In Hewes v. Village of Winnetka, 60 Ill. App. 654, is reported a former decision of this court upon the subject-matter of the present controversy.
The appellee in his brief now says:
“ This is not a bill to cancel or set aside a deed to Glos, or even to set aside the certificate of sale issued to him, but the bill is filed for the purpose of obtaining an injunction restraining the county clerk or treasurer from taking any further proceedings to enforce the special assessments in question, and more especially restraining them from issuing deeds to appellant Glos and his brother tax sharks; ” which we infer was intended, partly, to express disapprobation of Glos.

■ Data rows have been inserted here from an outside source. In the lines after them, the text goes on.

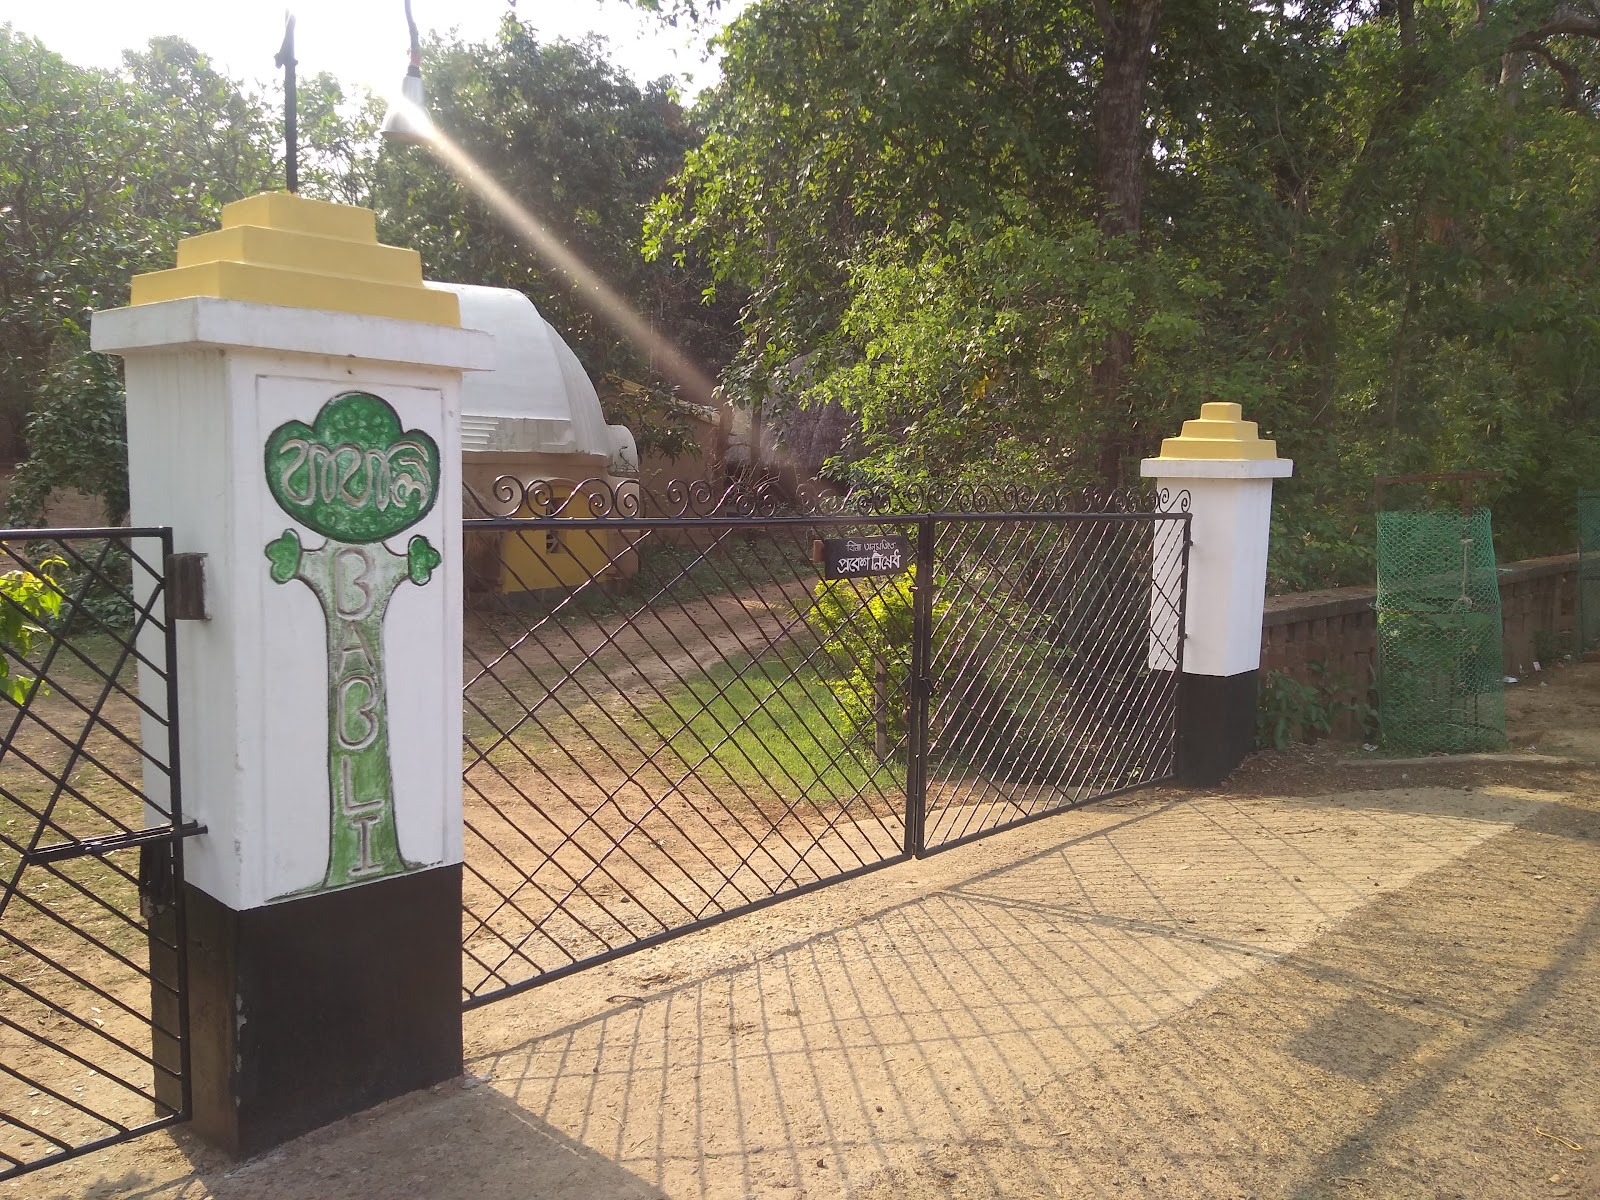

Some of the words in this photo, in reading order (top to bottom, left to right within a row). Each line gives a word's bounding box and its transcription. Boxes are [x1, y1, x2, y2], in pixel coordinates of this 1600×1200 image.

[845, 540, 861, 552] বিনা
[837, 557, 870, 574] প্রবেশ
[871, 549, 901, 570] নিষেধ
[335, 546, 384, 876] BABLI
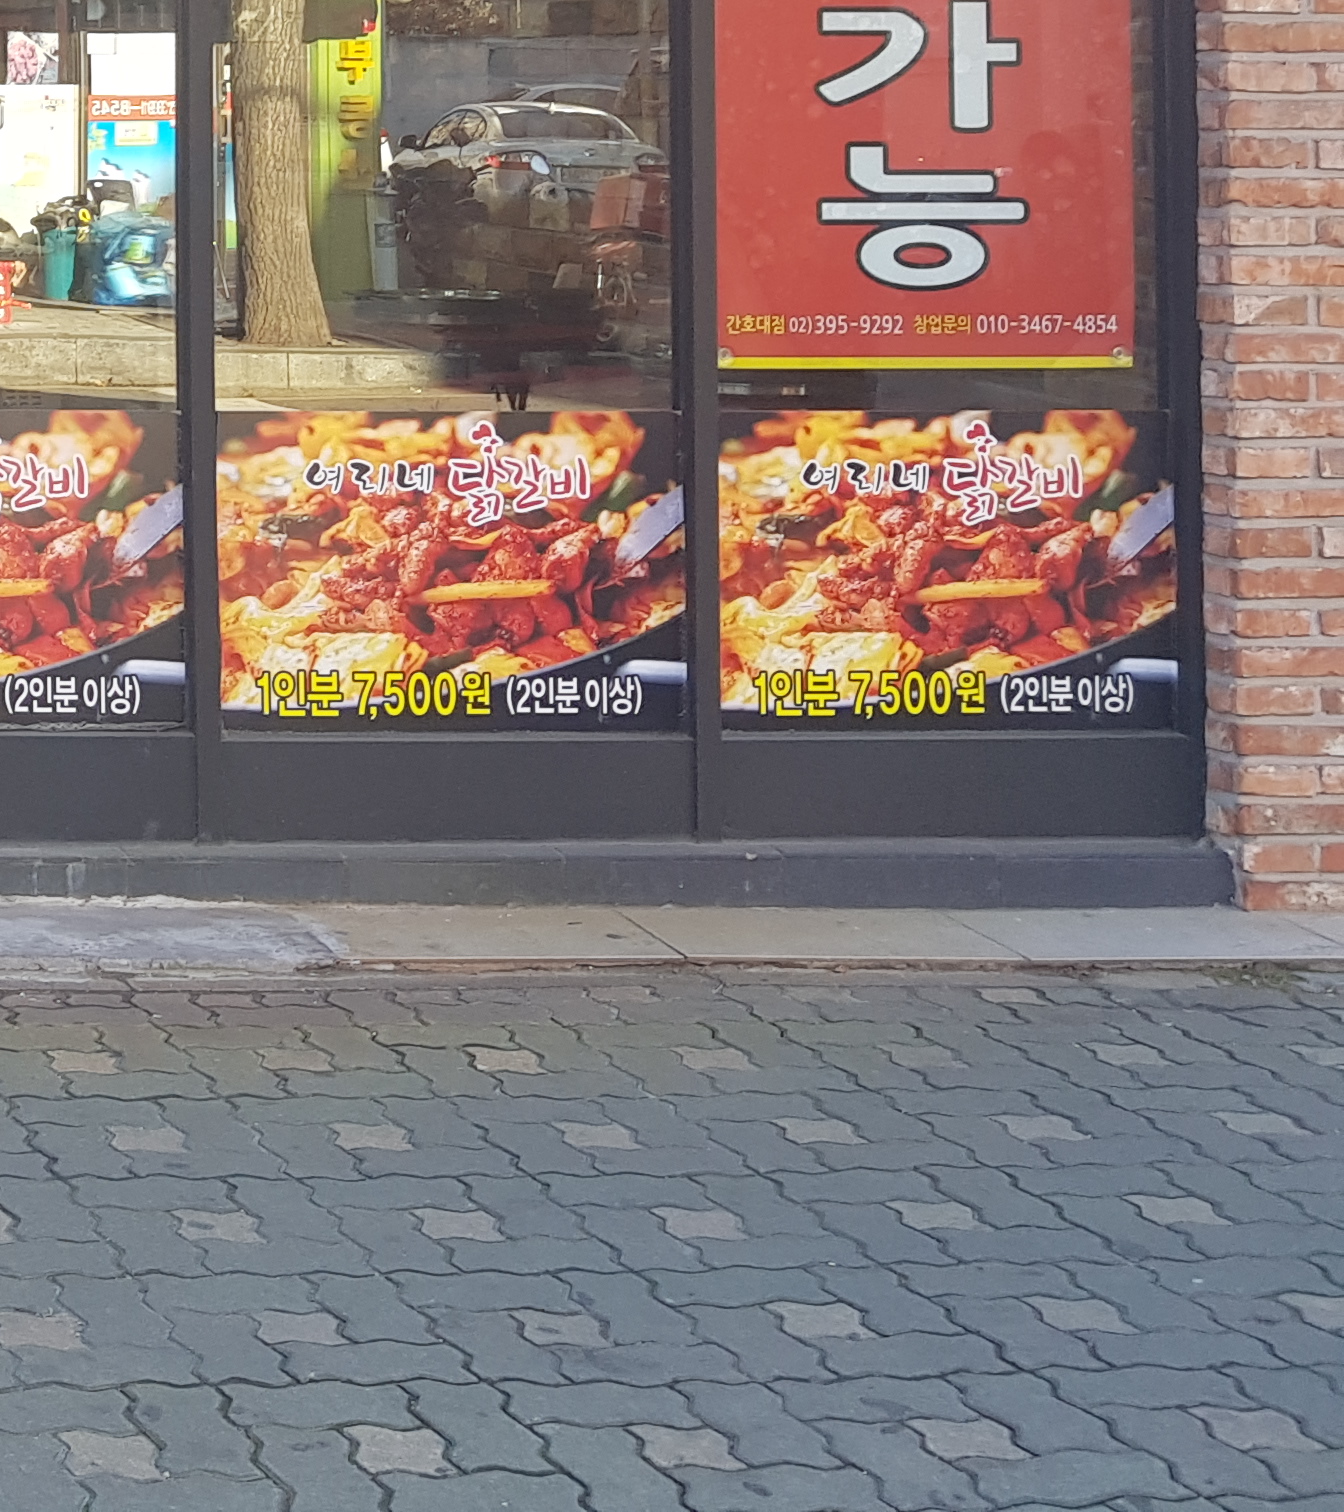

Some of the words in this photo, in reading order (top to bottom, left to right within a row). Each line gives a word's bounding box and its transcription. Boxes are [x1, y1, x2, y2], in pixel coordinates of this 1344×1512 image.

The bill alleges that the appellee, on the 9th day of March, A. D. 1891, was, and since then has been, the owner in fee simple of the following described real estate, to wit: Lots 1 to 16 inclusive, in blocks 1, 2, 3, 6, 7, 8, and lots 1 to 18, inclusive, in blocks 4 and 5, all in the Winnetka Land Association subdivision of the H. •§• of the W. 90 acres of the H. W. i, section 20, township 42 north, range 13 east of the 3d P. M., in Cook county, Illinois; and to prove that allegation, the appellee put in evidence a warranty deed from William M. Craig and wife conveying to Henry J. Hewes the north 45 acres of the west 90 acres of the northwest quarter of section 20, township 42 north, range 13 east of the third principal meridian, subject to certain incumbrances therein named, dated March 9, 1891, and acknowledged by the grantors on May 4, 1891, and recorded in the recorder’s office of Cook county on May 5, 1891.
Ho other evidence relating to title or possession was put in.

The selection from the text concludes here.